Real-world data rarely comes clean. In this repository, I used Python and its libraries, to gather data from a variety of sources and in a variety of formats, assess its quality and tidiness, then clean it.
The real world, I have assessed here is the tweet archive of Twitter user @dog_rates, also known as WeRateDogs. WeRateDogs is a Twitter account that rates people's dogs with a humorous comment about the dog. These ratings almost always have a denominator of 10. The numerators, though? Almost always greater than 10. 11/10, 12/10, 13/10, etc. Why?
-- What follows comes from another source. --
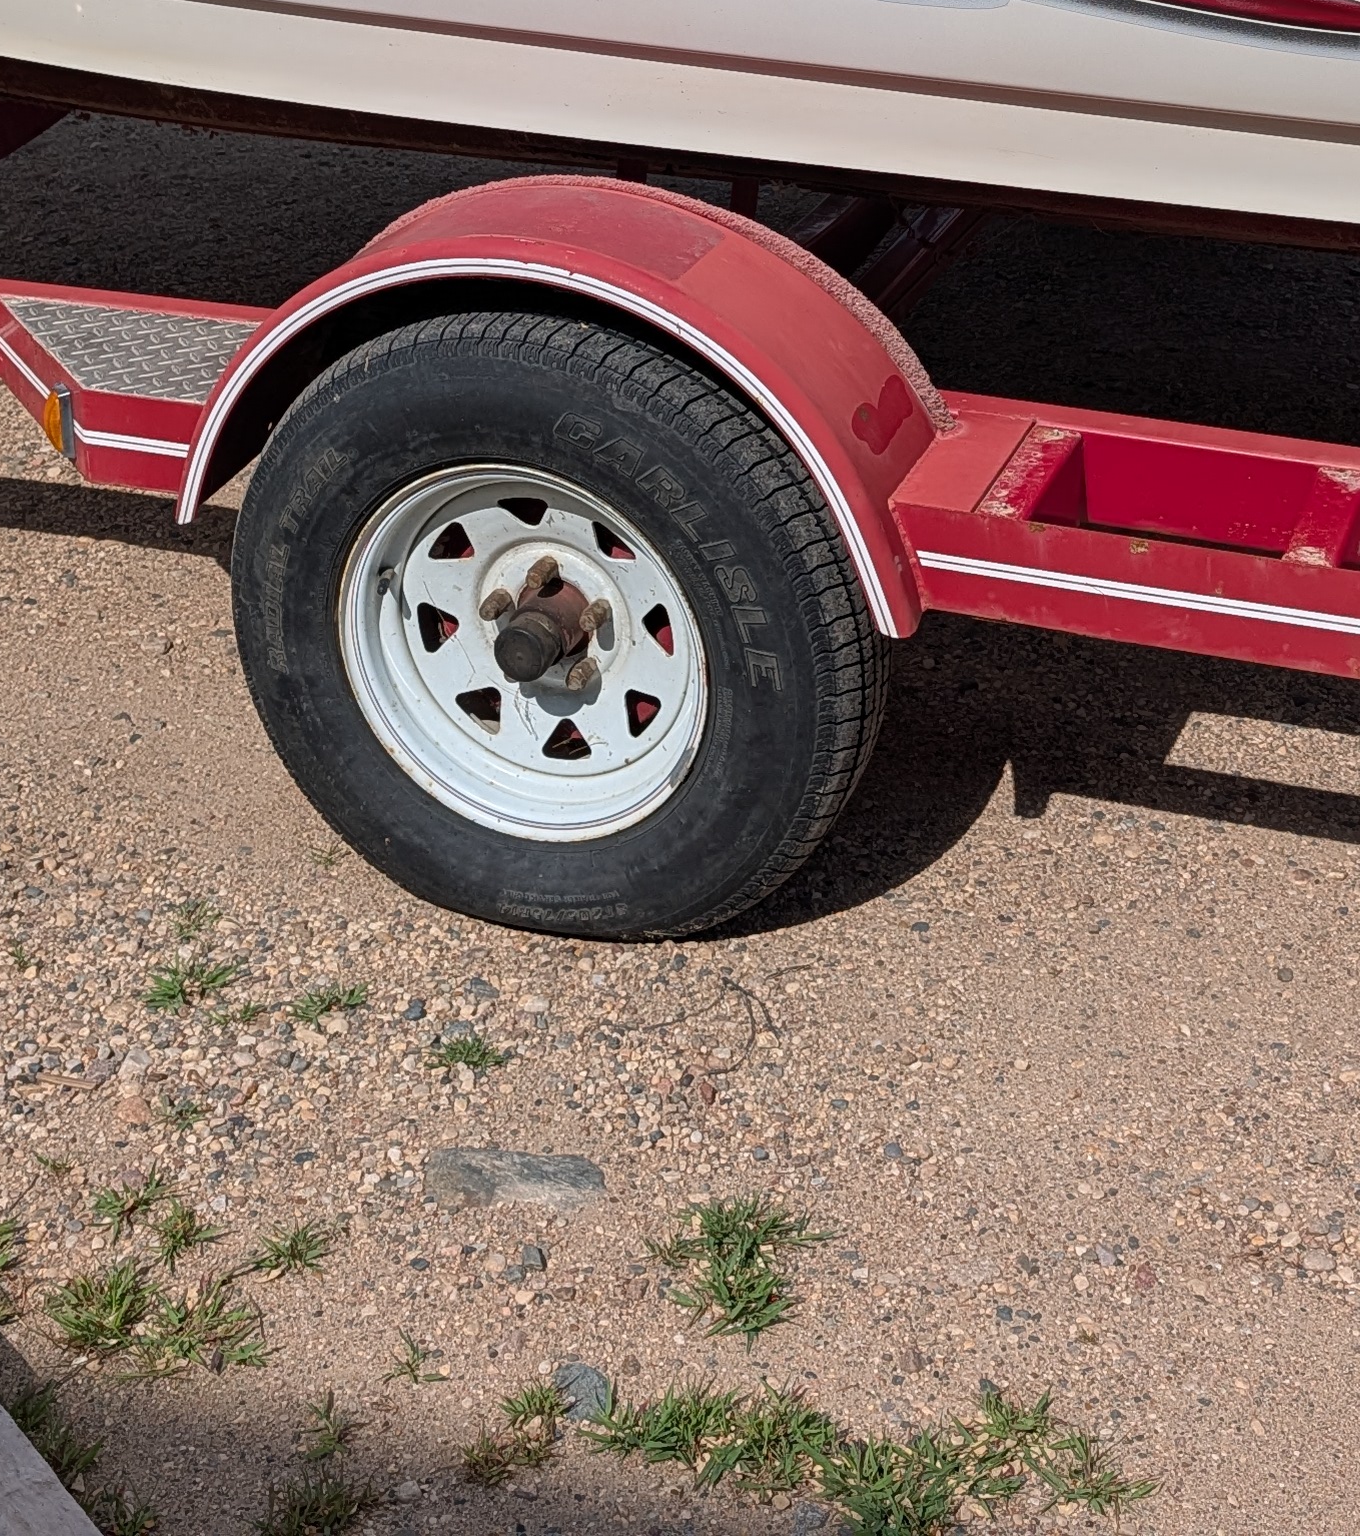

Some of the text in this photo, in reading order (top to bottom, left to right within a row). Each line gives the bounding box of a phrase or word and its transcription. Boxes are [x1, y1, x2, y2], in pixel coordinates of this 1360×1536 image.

Because "they're good dogs Brent." WeRateDogs has over 6 million followers and has received international media coverage.
I have gathered data from three different sources which I have mentioned in the jupyter notebook of this repository.
You need to work in a Jupyter Notebook on your computer.
The following packages (libraries) need to be installed. You can install these packages via conda or pip.
- pandas
- NumPy
- requests
- tweepy
- json
- matplotlib
- All project code is contained in a Jupyter Notebook named wrangle_act.ipynb and runs without errors.
- The Jupyter Notebook has an intuitive, easy-to-follow logical structure. The code uses comments effectively and is interspersed with Jupyter Notebook Markdown cells. The steps of the data wrangling process (i.e. gather, assess, and clean) are clearly identified with comments or Markdown cells, as well.
Feel free to suggest any changes or contribute to the project.
This project is covered under MIT License.